Information provided.
********************

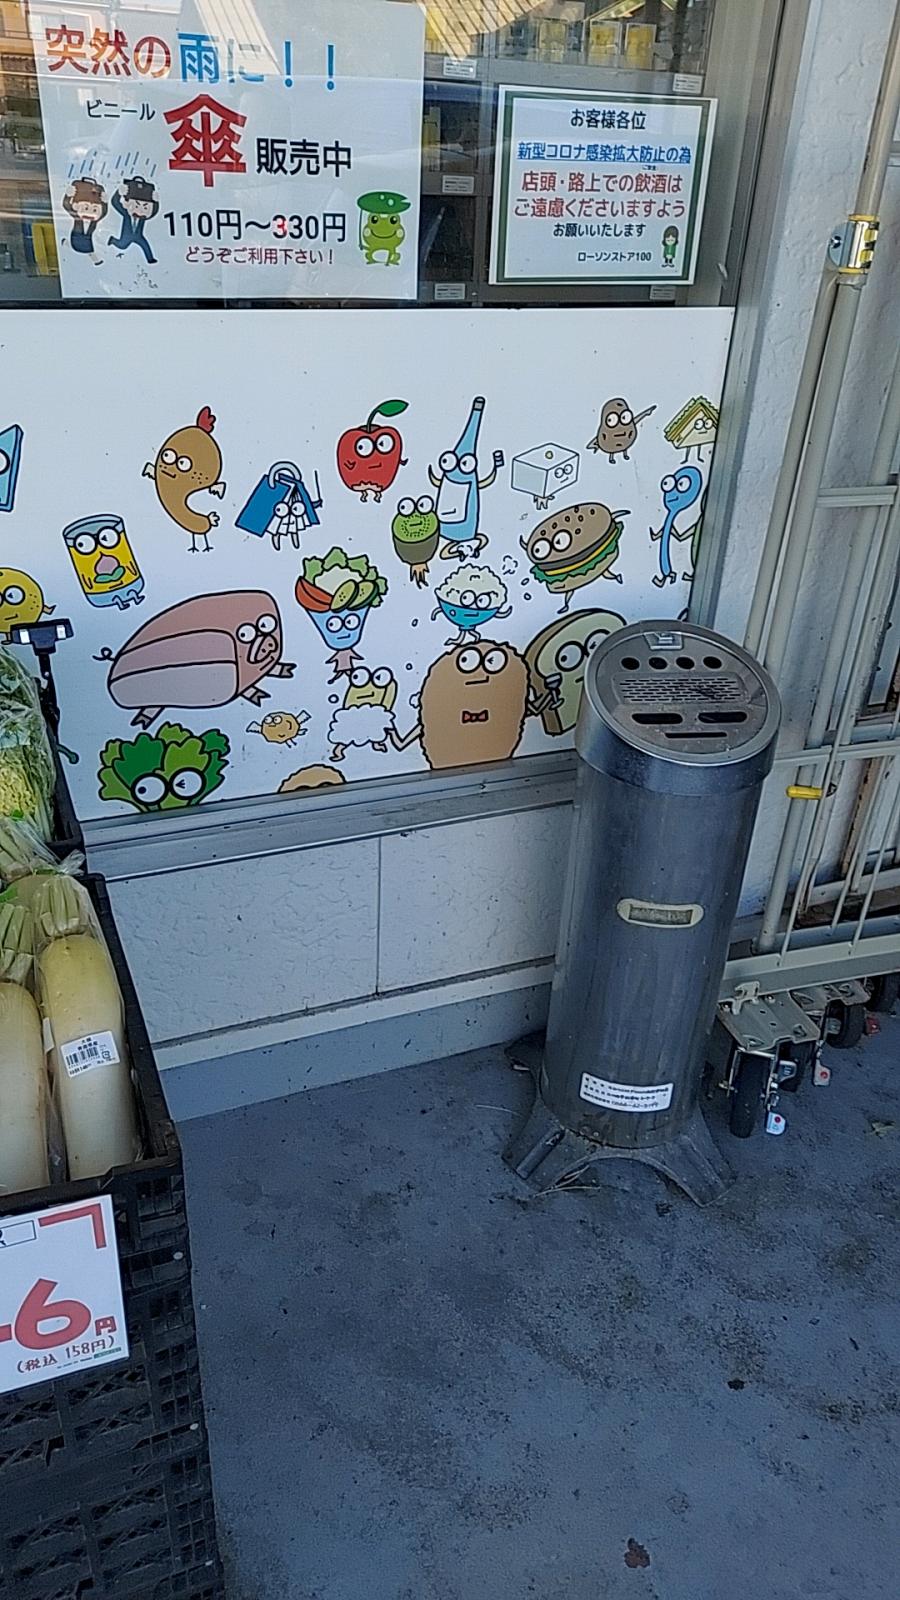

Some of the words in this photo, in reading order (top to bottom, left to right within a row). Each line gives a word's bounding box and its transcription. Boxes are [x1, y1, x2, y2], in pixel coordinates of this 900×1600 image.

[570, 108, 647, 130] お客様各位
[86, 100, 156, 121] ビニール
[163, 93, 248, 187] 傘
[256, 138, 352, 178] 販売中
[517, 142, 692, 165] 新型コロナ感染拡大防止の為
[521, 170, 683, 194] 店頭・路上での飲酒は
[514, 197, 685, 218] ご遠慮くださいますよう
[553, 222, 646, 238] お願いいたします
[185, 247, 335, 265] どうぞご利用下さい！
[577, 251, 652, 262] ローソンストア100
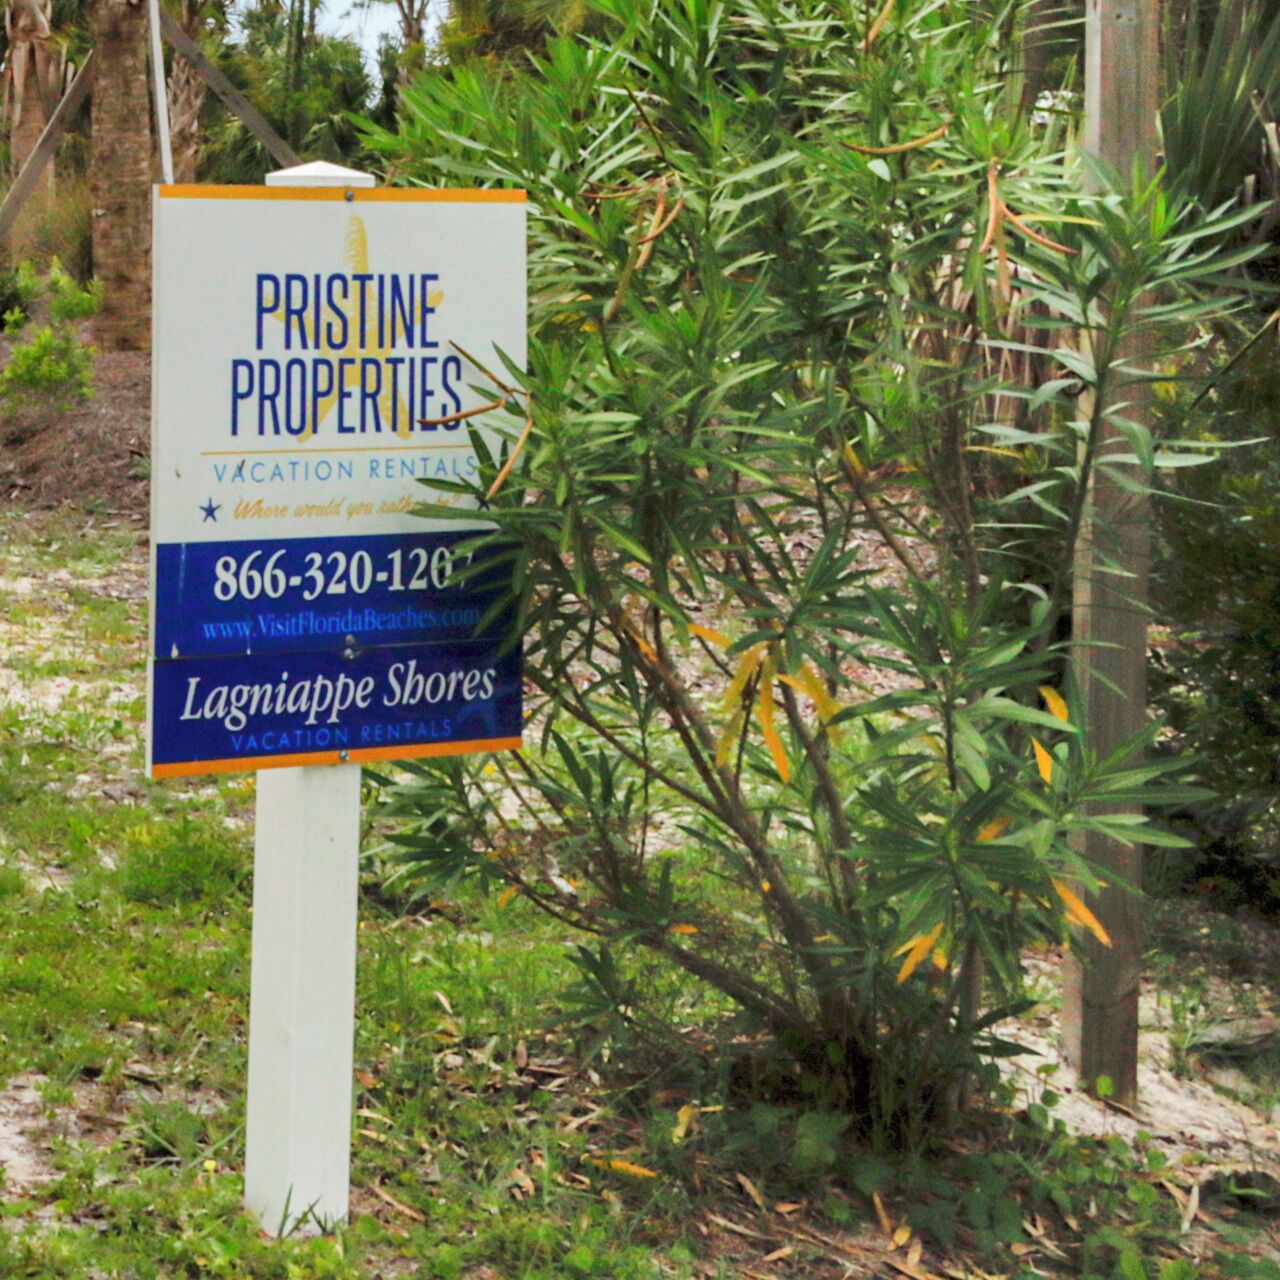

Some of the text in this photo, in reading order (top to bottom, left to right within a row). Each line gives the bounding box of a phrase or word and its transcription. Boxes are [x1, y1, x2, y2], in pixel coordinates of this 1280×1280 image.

********************

Task requirements. Output the data exactly as it is, with the pictures dropped.

Exercise solution.
Some of the words in this photo, in reading order (top to bottom, left to right within a row). Each line gives a word's bounding box and its transcription. Boxes are [x1, y1, x2, y2], in pixel coordinates of this 900×1600 image.

[570, 108, 647, 130] お客様各位
[86, 100, 156, 121] ビニール
[163, 93, 248, 187] 傘
[256, 138, 352, 178] 販売中
[517, 142, 692, 165] 新型コロナ感染拡大防止の為
[521, 170, 683, 194] 店頭・路上での飲酒は
[514, 197, 685, 218] ご遠慮くださいますよう
[553, 222, 646, 238] お願いいたします
[185, 247, 335, 265] どうぞご利用下さい！
[577, 251, 652, 262] ローソンストア100

Some of the text in this photo, in reading order (top to bottom, left to right within a row). Each line gives the bounding box of a phrase or word and its transcription. Boxes are [x1, y1, x2, y2], in pixel coordinates of this 1280×1280 image.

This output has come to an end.